*Supplied material*
#####

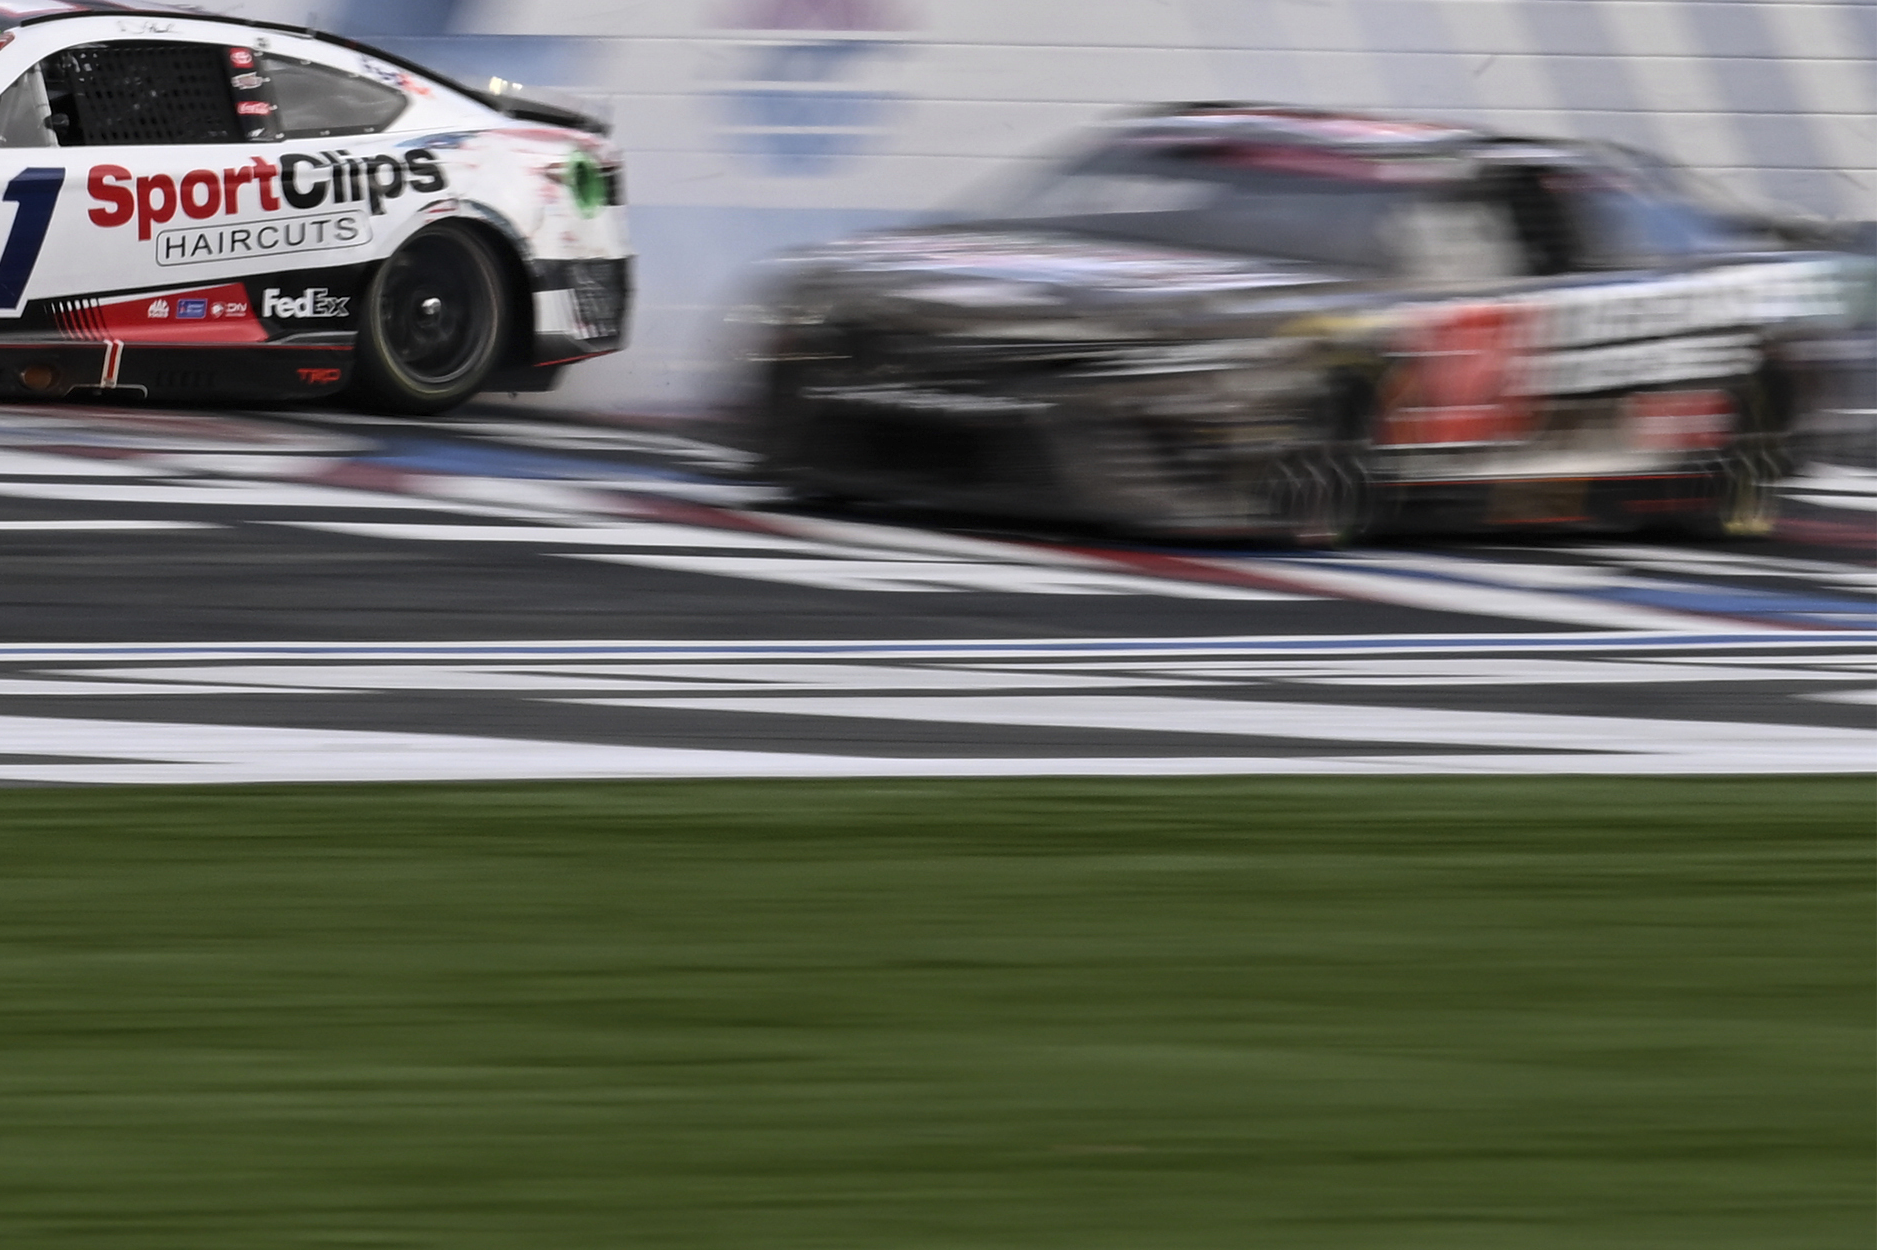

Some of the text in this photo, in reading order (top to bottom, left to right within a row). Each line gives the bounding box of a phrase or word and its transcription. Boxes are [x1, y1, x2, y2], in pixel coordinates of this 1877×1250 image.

[165, 216, 361, 259] HAIRCUTS
[262, 287, 352, 319] FedEx
[296, 368, 342, 384] TRD
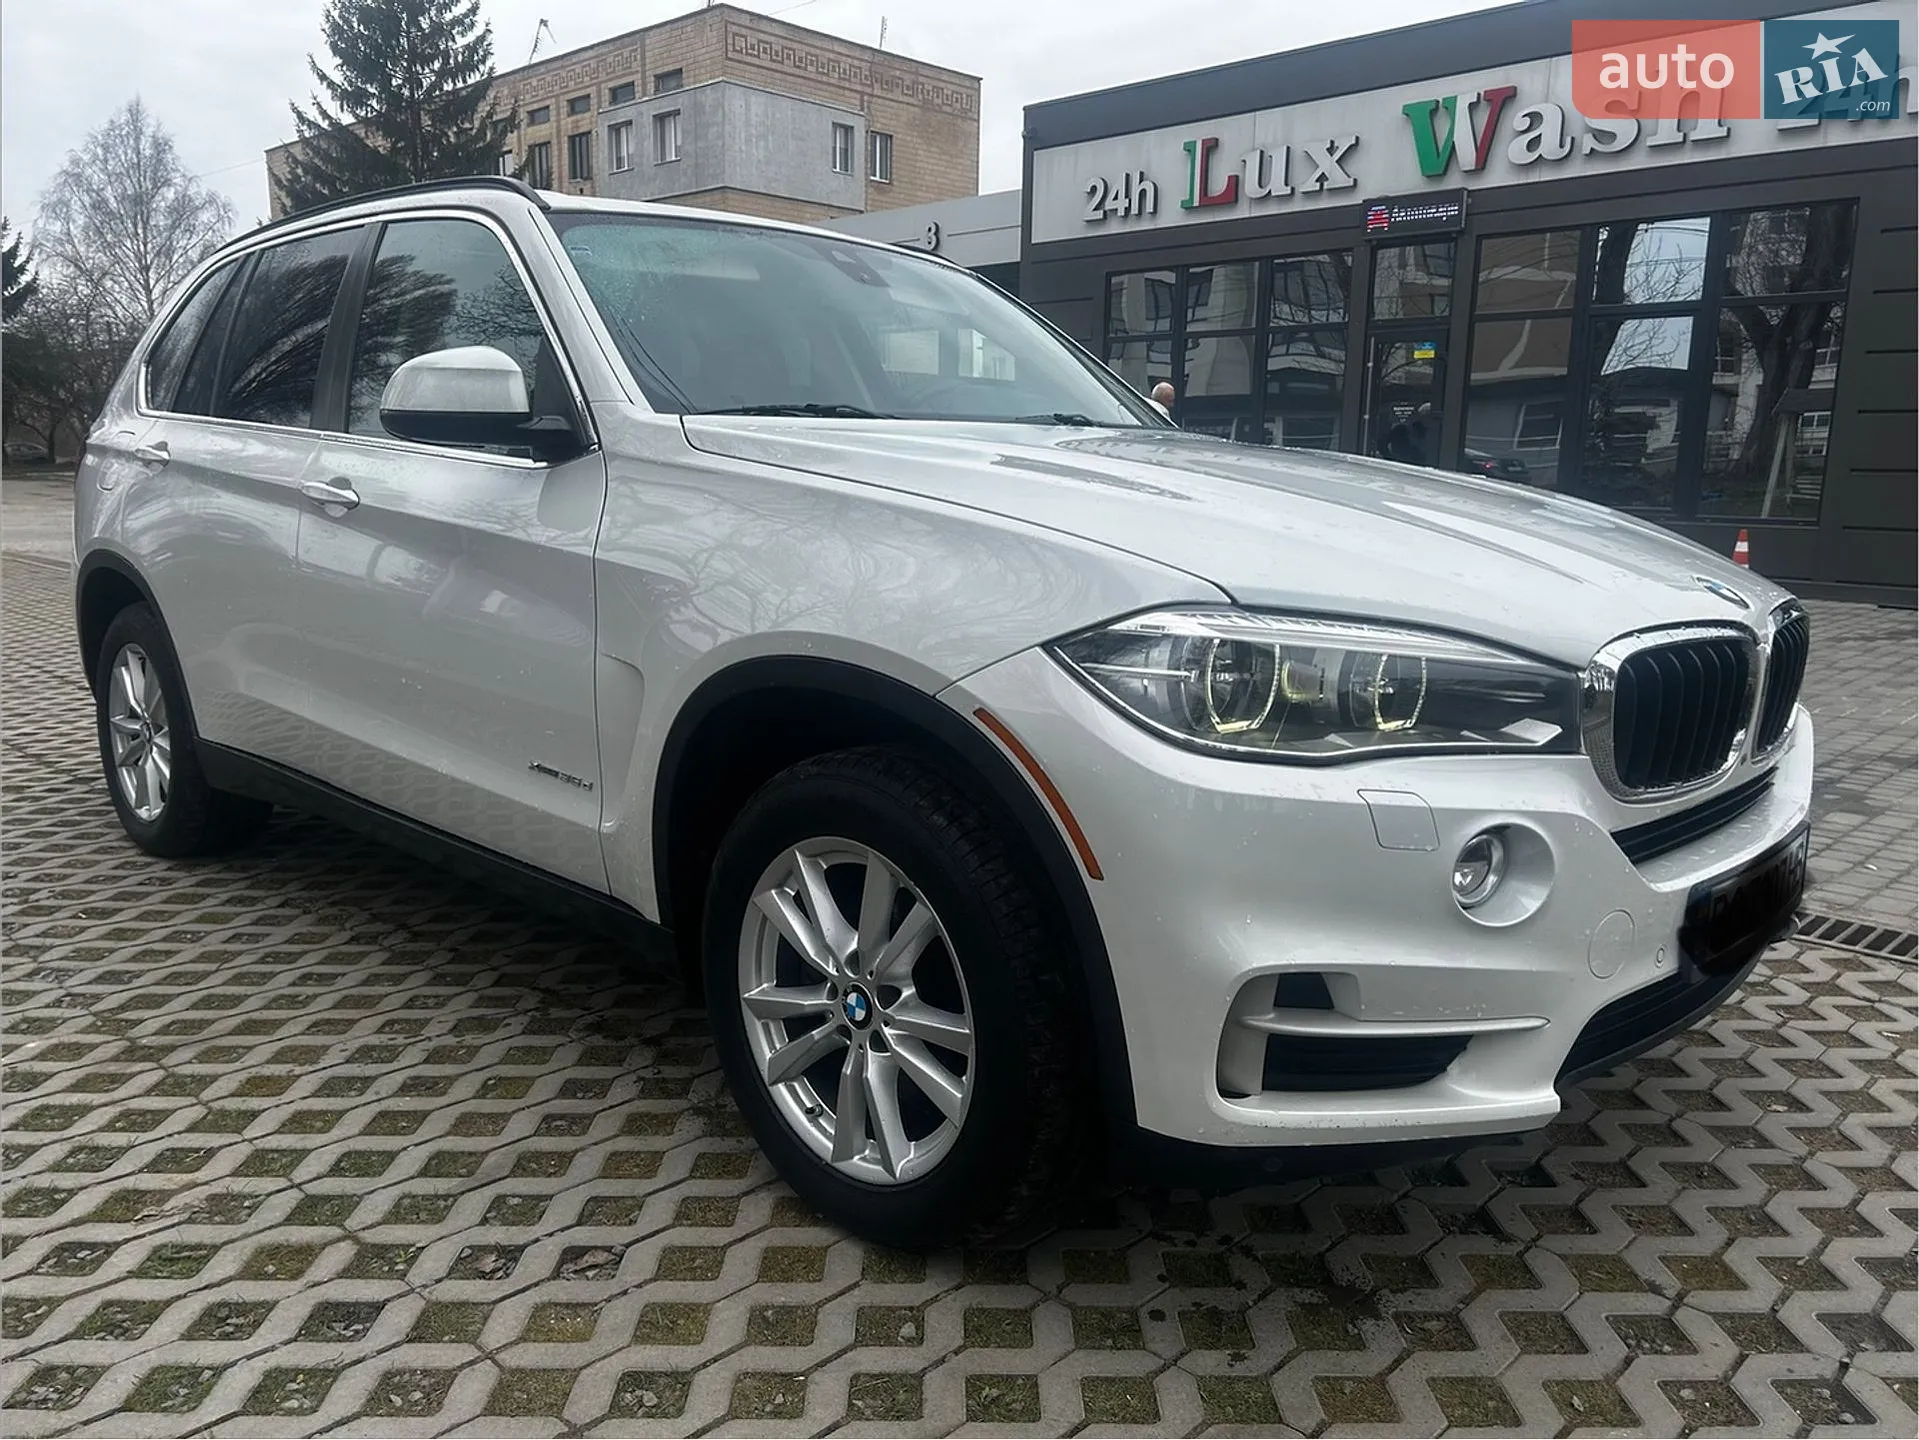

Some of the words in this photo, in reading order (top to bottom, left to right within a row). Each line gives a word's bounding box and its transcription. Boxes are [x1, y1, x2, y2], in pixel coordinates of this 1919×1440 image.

[1083, 170, 1158, 222] 24h
[1180, 135, 1360, 210] Lux
[1402, 62, 1731, 178] Wash
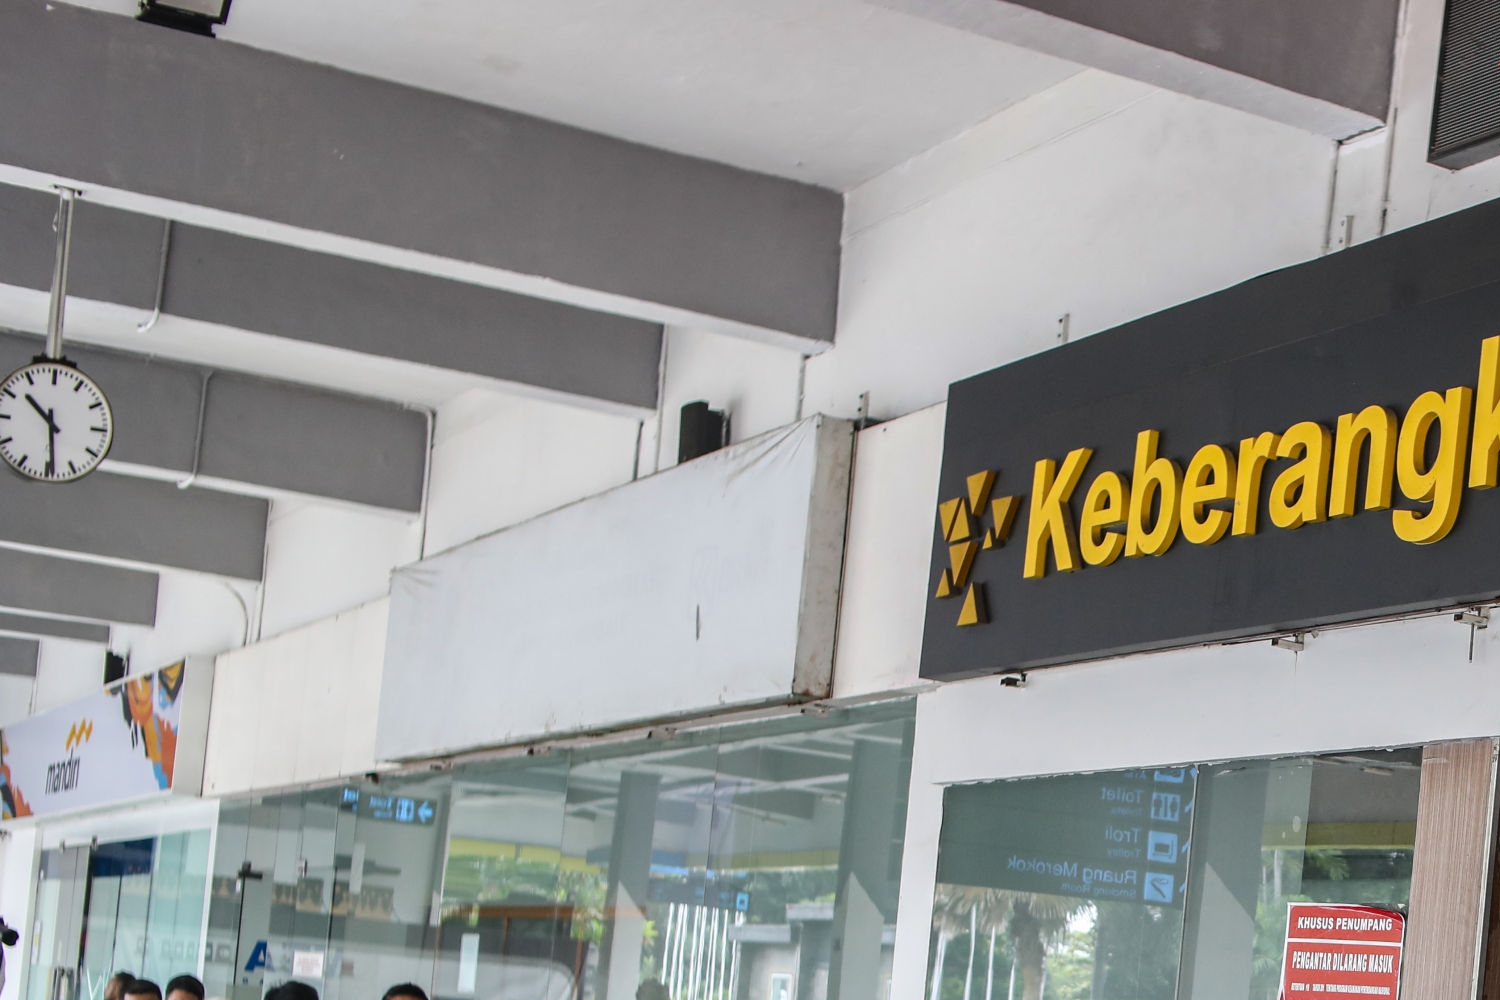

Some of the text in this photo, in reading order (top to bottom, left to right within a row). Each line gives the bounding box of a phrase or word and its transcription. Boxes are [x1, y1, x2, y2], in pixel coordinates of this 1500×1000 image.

[45, 747, 80, 795] mandiri
[1297, 916, 1393, 931] KHUSUS PENUMPANG
[1292, 951, 1394, 974] PENGANTAR DILARANG MASUK

#####

*What the task asks*
Each line of the listing is to be retyped exactly, and its pictures are to be dropped.

*Reply to the task*
Some of the text in this photo, in reading order (top to bottom, left to right within a row). Each line gives the bounding box of a phrase or word and its transcription. Boxes are [x1, y1, x2, y2], in pixel coordinates of this 1877×1250 image.

[165, 216, 361, 259] HAIRCUTS
[262, 287, 352, 319] FedEx
[296, 368, 342, 384] TRD

Some of the words in this photo, in reading order (top to bottom, left to right within a row). Each line gives a word's bounding box and its transcription. Boxes are [x1, y1, x2, y2], in pixel coordinates of this 1919×1440 image.

[1083, 170, 1158, 222] 24h
[1180, 135, 1360, 210] Lux
[1402, 62, 1731, 178] Wash

Some of the text in this photo, in reading order (top to bottom, left to right within a row). Each line gives the bounding box of a phrase or word and its transcription. Boxes are [x1, y1, x2, y2], in pixel coordinates of this 1500×1000 image.

[45, 747, 80, 795] mandiri
[1297, 916, 1393, 931] KHUSUS PENUMPANG
[1292, 951, 1394, 974] PENGANTAR DILARANG MASUK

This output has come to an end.